-- Opening Marker --

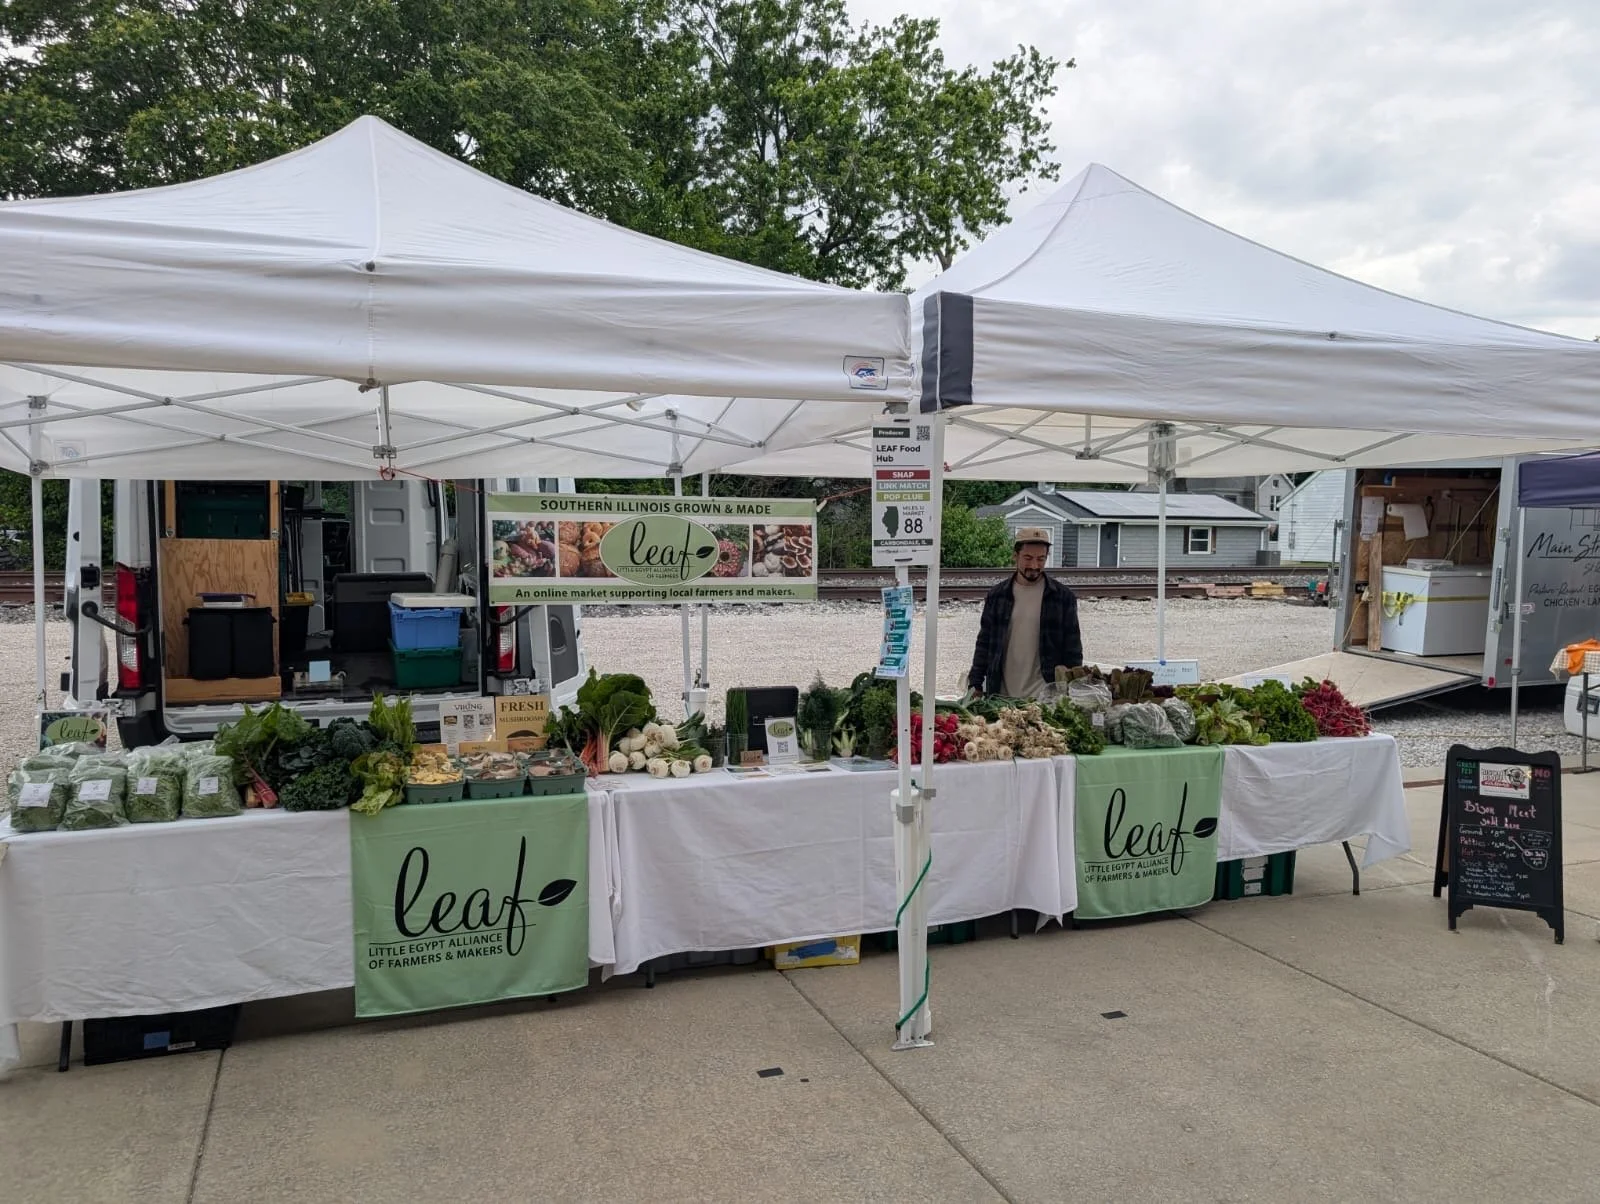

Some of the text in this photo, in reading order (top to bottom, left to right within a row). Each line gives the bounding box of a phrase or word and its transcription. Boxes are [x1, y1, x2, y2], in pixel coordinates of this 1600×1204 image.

[892, 471, 915, 479] SNAP
[900, 482, 928, 490] MATCH
[540, 499, 771, 515] SOUTHERN ILLINOIS GROWN & MADE
[904, 518, 923, 533] 88
[630, 521, 695, 580] leaf
[1527, 532, 1573, 558] Main
[515, 587, 796, 599] An online market supporting local farmers and makers.
[1543, 598, 1580, 608] CHICKEN
[454, 702, 484, 711] VIKING
[500, 701, 544, 712] FRESH
[1464, 800, 1536, 819] Bison Meat
[1104, 781, 1192, 876] leaf
[1084, 857, 1169, 873] LITTLE EGYPT ALLIANCE
[1085, 867, 1169, 883] OF FARMERS & MAKERS
[395, 836, 537, 956] leaf
[369, 933, 503, 957] LITTLE EGYPT ALLIANCE
[369, 944, 503, 970] OF FARMERS & MAKERS

-- Closing Marker --

▶ Task details:
Retype the data above exactly; pictures are not part of the copy.

▶ Answer section:
Some of the text in this photo, in reading order (top to bottom, left to right within a row). Each line gives the bounding box of a phrase or word and its transcription. Boxes are [x1, y1, x2, y2], in pixel coordinates of this 1600×1204 image.

[892, 471, 915, 479] SNAP
[900, 482, 928, 490] MATCH
[540, 499, 771, 515] SOUTHERN ILLINOIS GROWN & MADE
[904, 518, 923, 533] 88
[630, 521, 695, 580] leaf
[1527, 532, 1573, 558] Main
[515, 587, 796, 599] An online market supporting local farmers and makers.
[1543, 598, 1580, 608] CHICKEN
[454, 702, 484, 711] VIKING
[500, 701, 544, 712] FRESH
[1464, 800, 1536, 819] Bison Meat
[1104, 781, 1192, 876] leaf
[1084, 857, 1169, 873] LITTLE EGYPT ALLIANCE
[1085, 867, 1169, 883] OF FARMERS & MAKERS
[395, 836, 537, 956] leaf
[369, 933, 503, 957] LITTLE EGYPT ALLIANCE
[369, 944, 503, 970] OF FARMERS & MAKERS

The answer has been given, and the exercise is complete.